Similarly, increased capital mobility, a necessary ingredient of the rapid growth of the world economy, which was made possible by the gradual dismantling of exchange control, produced larger swings in the capital balance.
Against critics at Manila, Haberler denies that floating itself caused world inflation. Inflation remains chiefly a domestic monetary-fiscal phenomenon. Floating can transmit depreciation into import prices and can make inflationary policies visible sooner, but it also prevents countries from postponing adjustment through reserve losses, exchange controls, or politically delayed devaluations. Its main virtue is limited policy autonomy: it gives countries more room to choose demand-management policies, though it cannot insulate them from real shocks such as oil-price changes, protectionism, or recessions abroad.
The chapter’s most practical discussion concerns managed floating. Haberler accepts official intervention to smooth disorderly markets, but he sharply distinguishes this from “dirty floating,” meaning exchange practices that mimic controls, distort trade, or conceal balance-of-payments adjustment.
By dirty floating I mean such policies as split exchange markets, multiple exchange rates, import deposit schemes, ‘taxes’ on the purchase of foreign currencies differentiated according to the prospective use of the foreign currency, and the like.

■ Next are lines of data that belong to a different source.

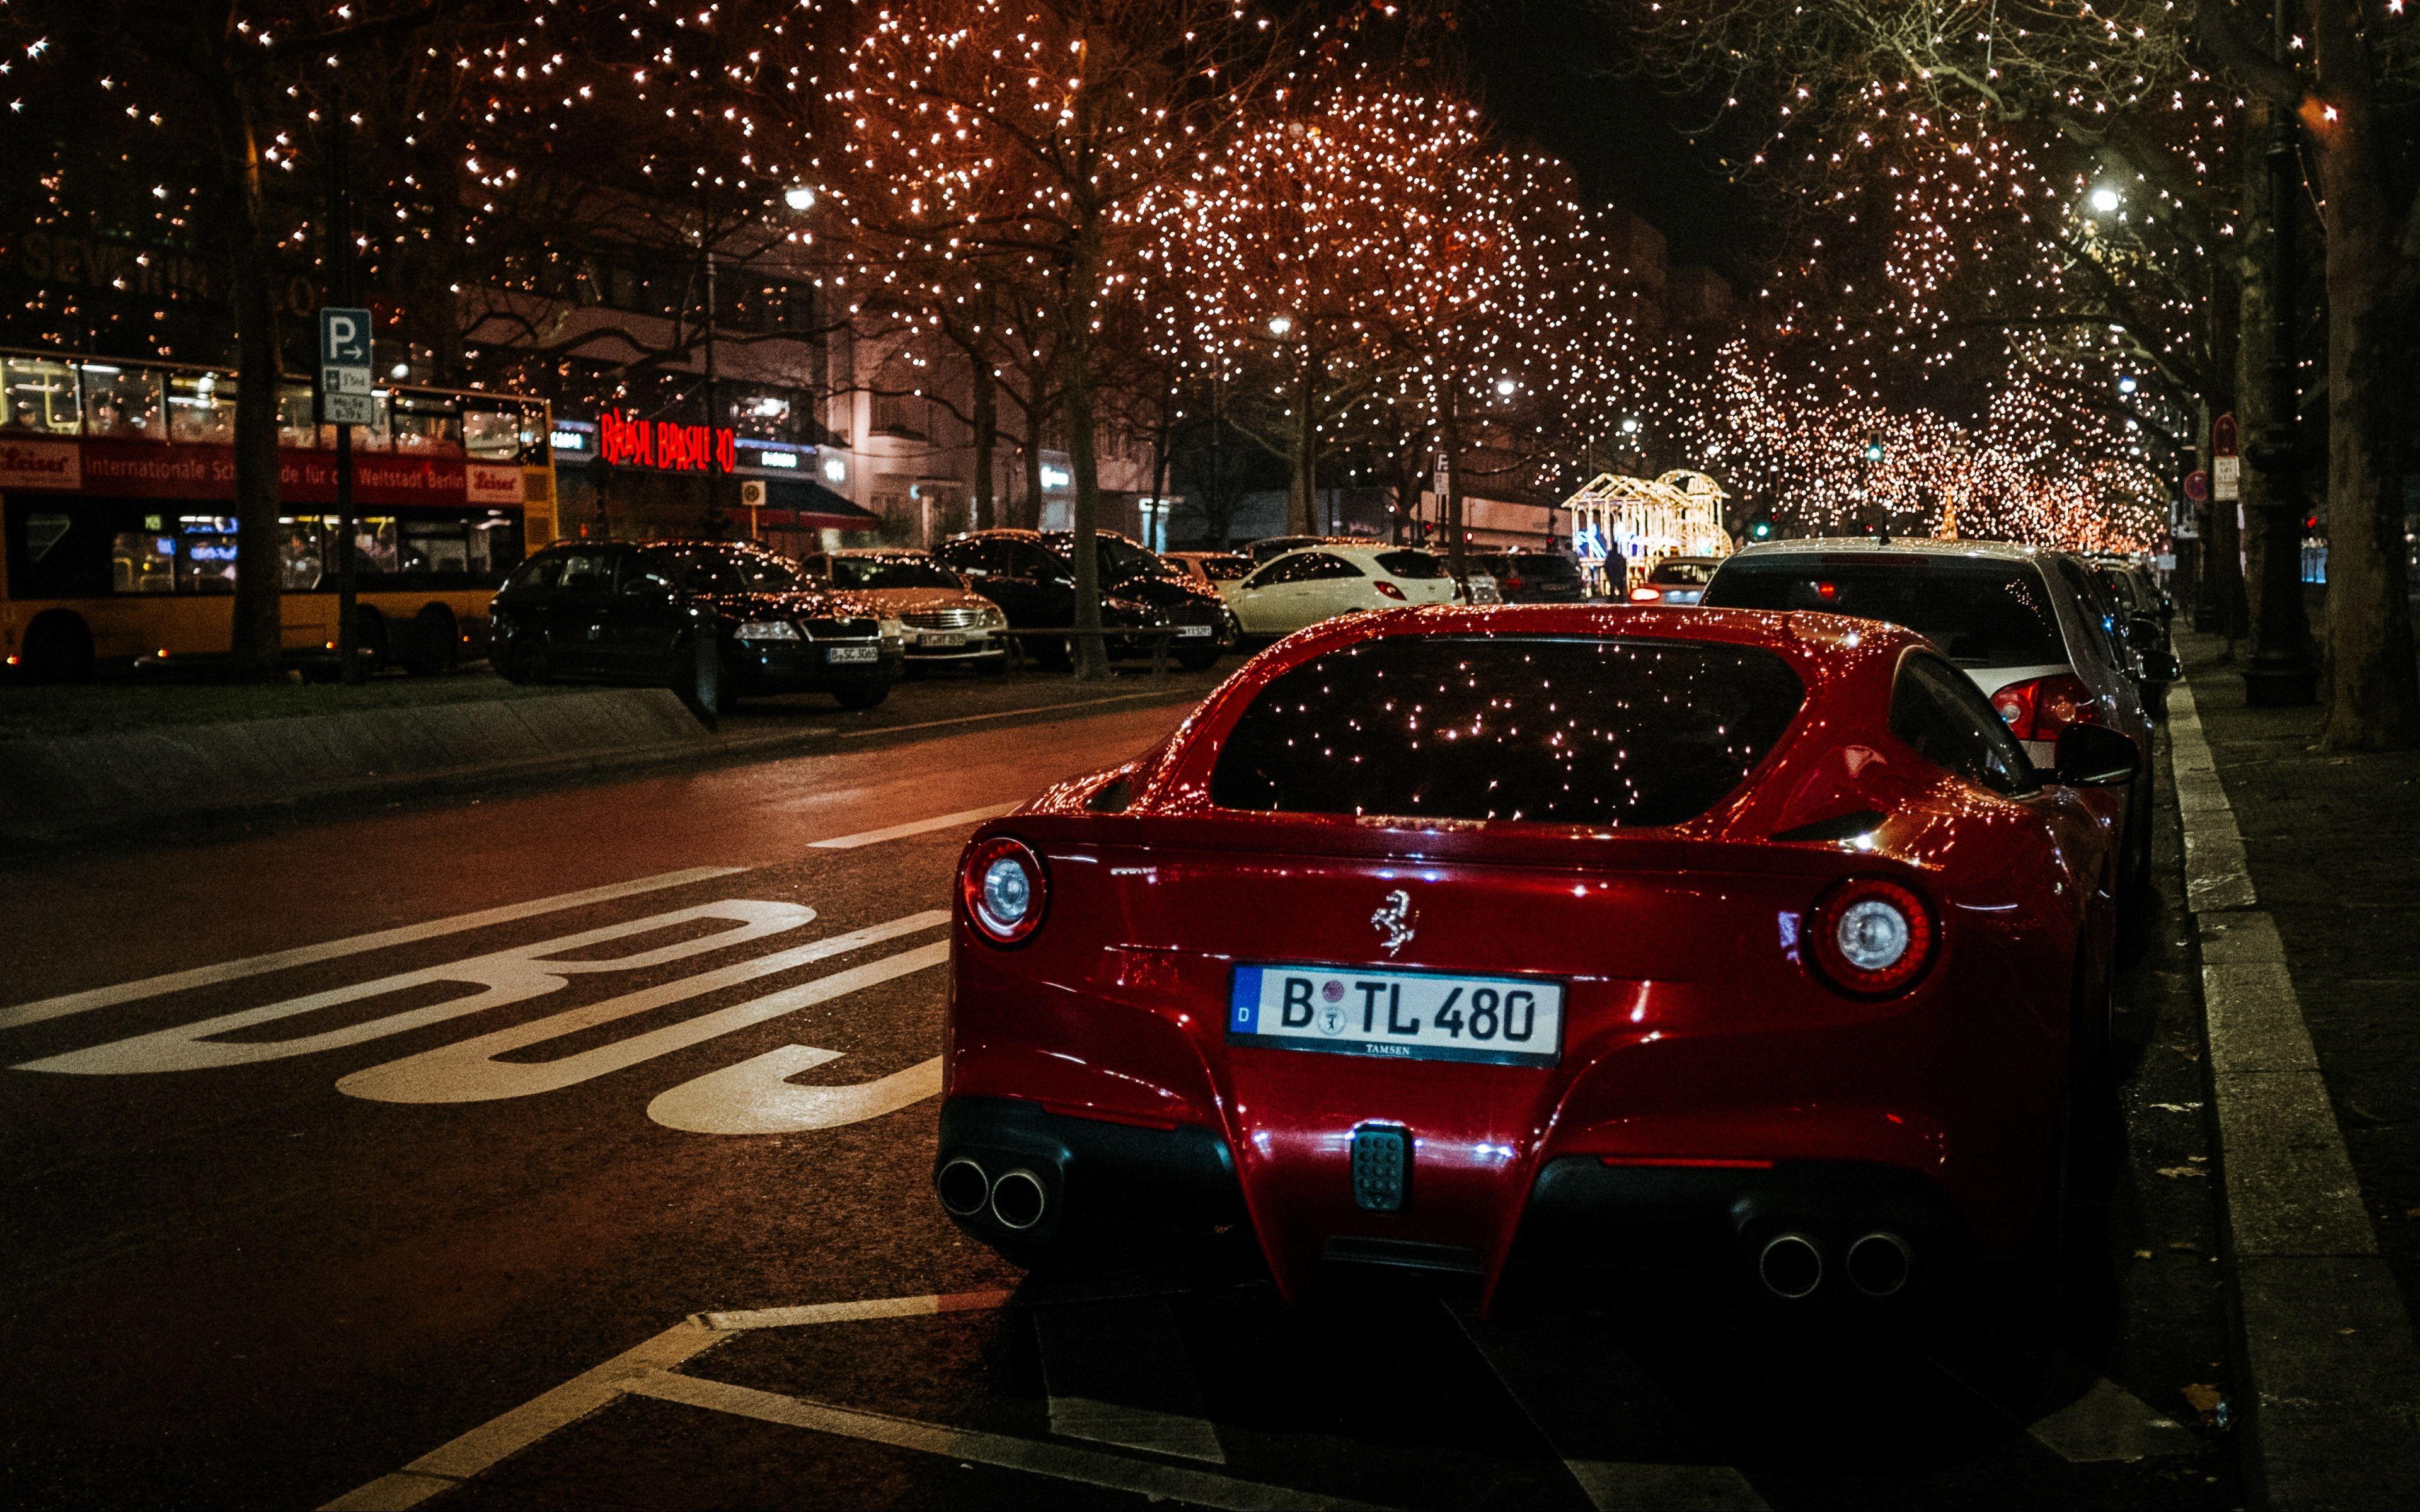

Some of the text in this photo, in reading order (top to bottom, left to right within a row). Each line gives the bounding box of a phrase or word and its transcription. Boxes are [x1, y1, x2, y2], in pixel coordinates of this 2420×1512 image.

[330, 316, 357, 360] P
[86, 457, 205, 480] Internationale
[304, 464, 326, 484] für
[359, 466, 423, 489] Weltstadt
[428, 469, 464, 490] Berlin
[1238, 976, 1536, 1042] D B TL 480
[1365, 1043, 1411, 1057] TAMSEN
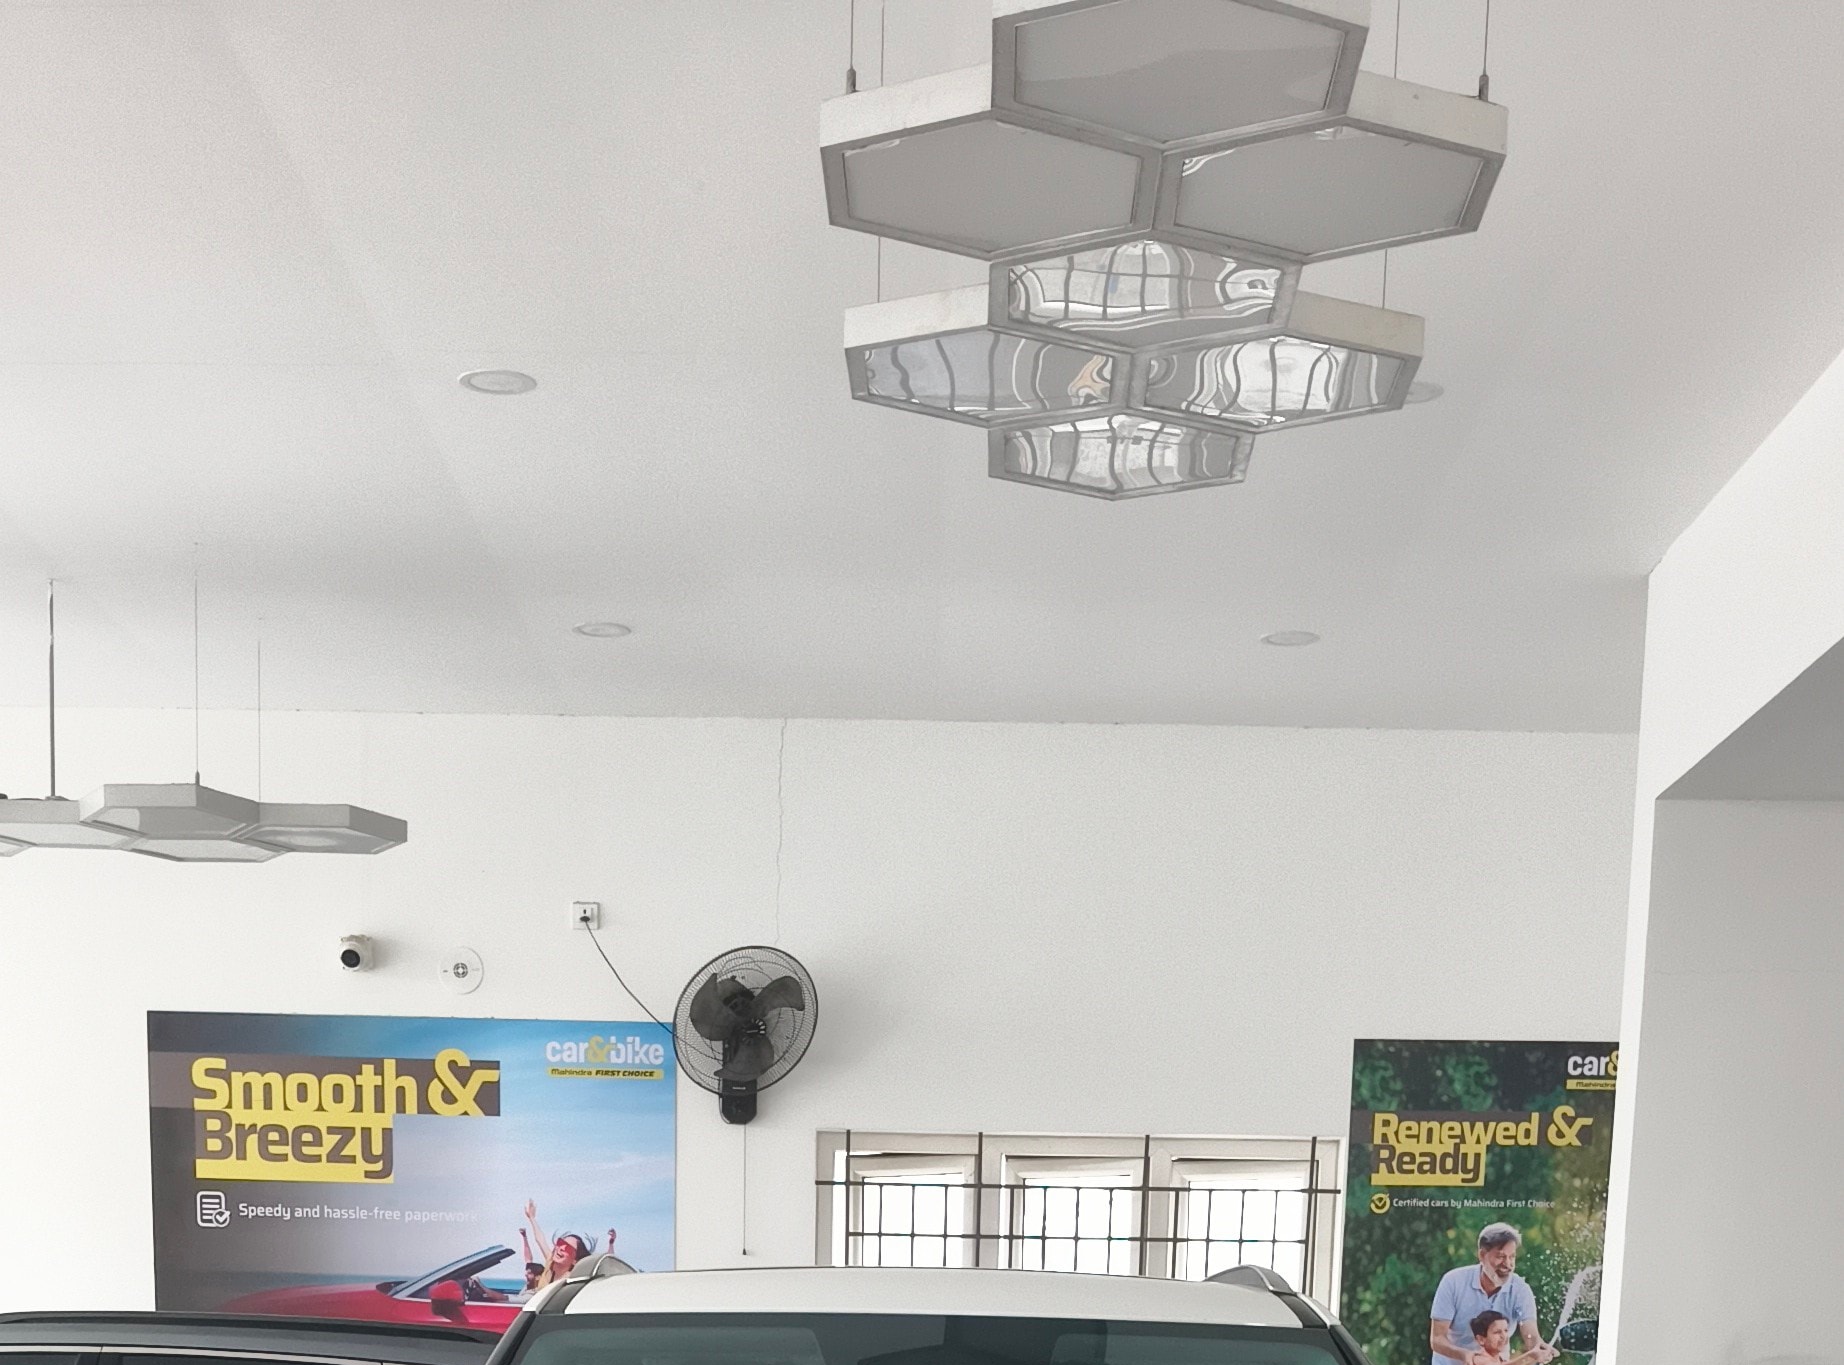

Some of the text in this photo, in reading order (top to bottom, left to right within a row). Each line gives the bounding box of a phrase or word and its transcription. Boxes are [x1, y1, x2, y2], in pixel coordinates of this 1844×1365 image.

[545, 1035, 665, 1065] car&bike
[190, 1048, 501, 1117] Smooth &
[550, 1068, 656, 1078] Mahindra FIRST CHOICE
[1372, 1105, 1594, 1147] Renewed &
[197, 1110, 394, 1180] Breezy
[1373, 1143, 1482, 1184] Ready
[238, 1202, 291, 1220] Speedy
[294, 1205, 320, 1218] and
[324, 1206, 401, 1221] hassle-free
[1392, 1197, 1429, 1208] Certified
[1430, 1199, 1449, 1208] cars
[1450, 1198, 1462, 1210] by
[1463, 1198, 1505, 1208] Mahindra
[1506, 1199, 1526, 1208] First
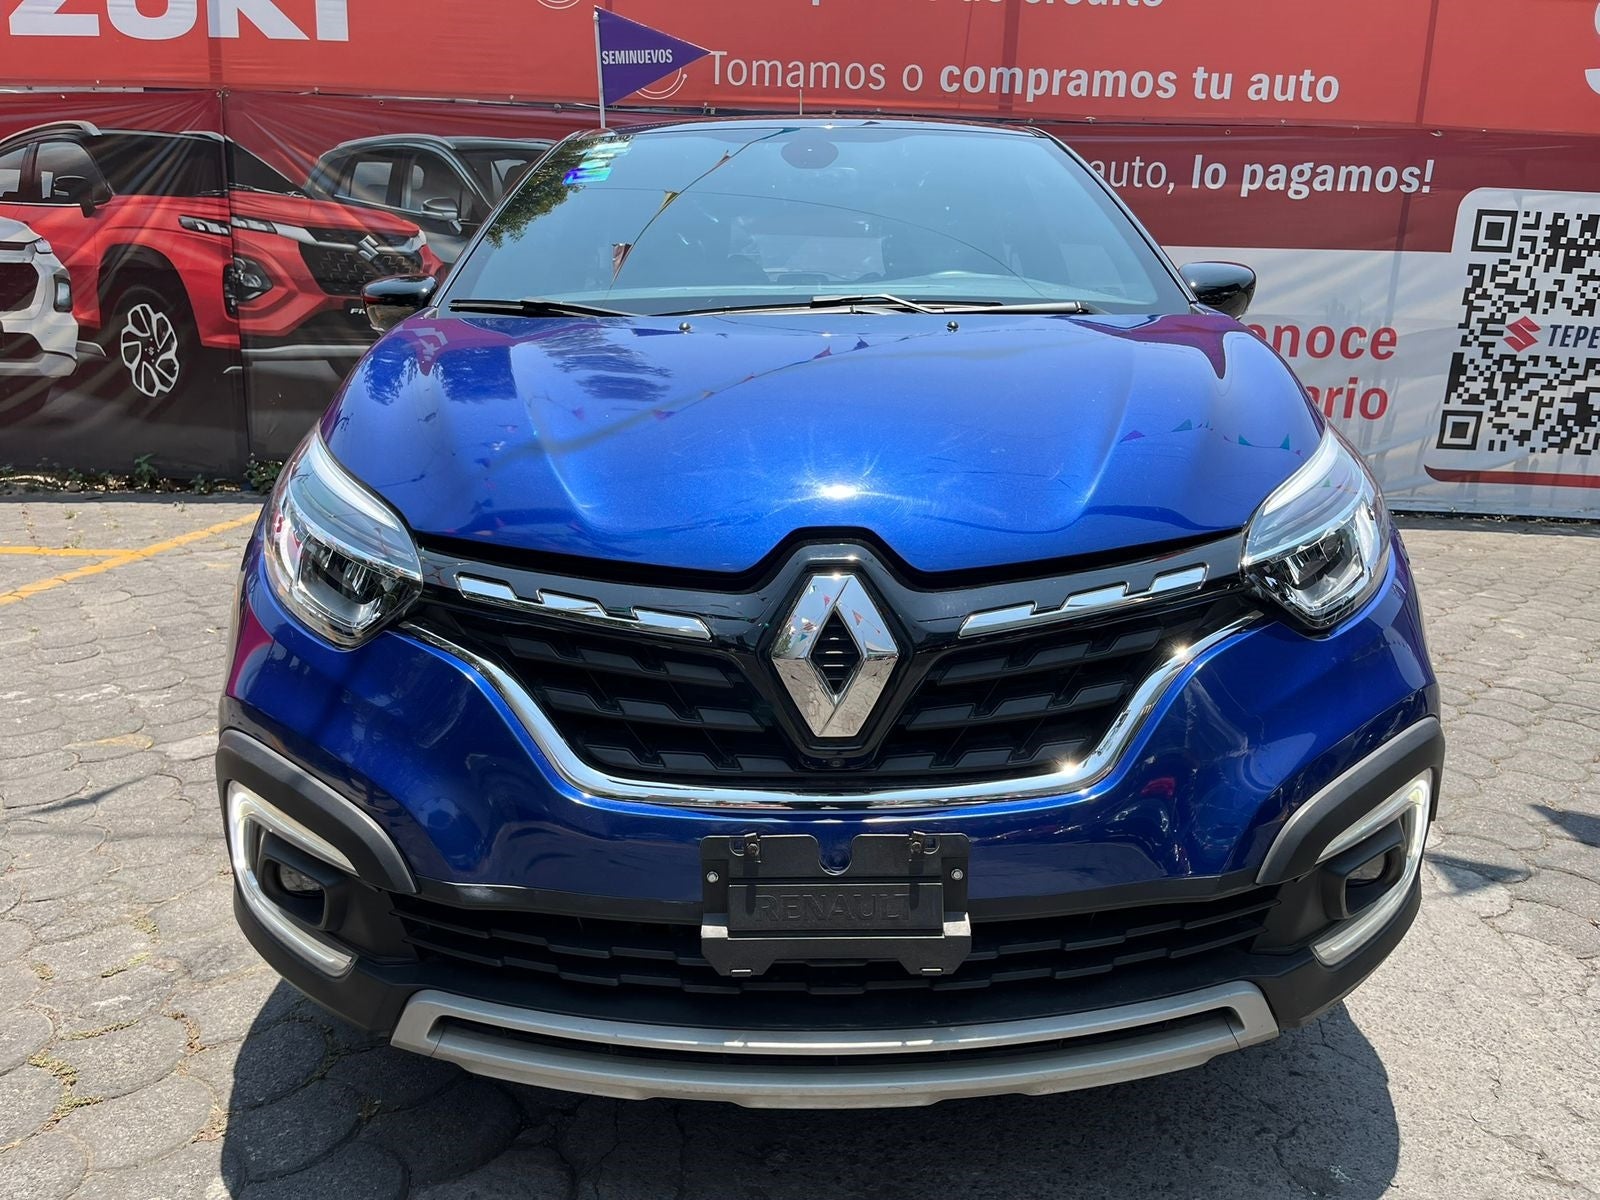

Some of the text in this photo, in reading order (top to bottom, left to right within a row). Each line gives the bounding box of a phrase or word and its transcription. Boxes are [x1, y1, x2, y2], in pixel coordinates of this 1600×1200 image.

[601, 48, 673, 65] SEMINUEVOS
[710, 50, 1340, 103] Tomamos o compramos tu auto
[1191, 154, 1227, 190] lo
[1240, 159, 1435, 200] pagamos!
[1548, 324, 1600, 349] TEPE
[754, 892, 911, 923] RENAULT

He is skeptical of reference rates, target zones, and schemes that would recreate the speculative weaknesses of par values. The IMF’s post-Jamaica role should therefore be surveillance, not exchange-rate planning: it should discourage manipulation, multiple rates, protectionist devices, and unconditional liquidity creation, while using conditional lending to press countries toward stabilization.
Haberler also redefines the old Bretton Woods triad of adjustment, liquidity, and confidence. Under widespread floating, the notion of a single global reserve shortage loses much of its meaning. Reserves still matter for individual countries, but “world liquidity” is no longer a coherent policy target in the way it appeared under gold-dollar convertibility. The Fund should not treat SDR allocations or quota increases as substitutes for national anti-inflationary discipline.
The closing policy sections criticize pressure on Germany and Japan to inflate in order to reduce surpluses. For Haberler, current-account balances should not dominate domestic policy under floating: surpluses and deficits are linked to capital flows, and if adjustment is needed, exchange-rate movement and liberalization are preferable to inflationary expansion or import restriction. The chapter’s enduring position is a liberal defense of managed but disciplined floating: national responsibility for inflation, IMF oversight against abuse, conditional crisis lending, and resistance to protectionism disguised as monetary management.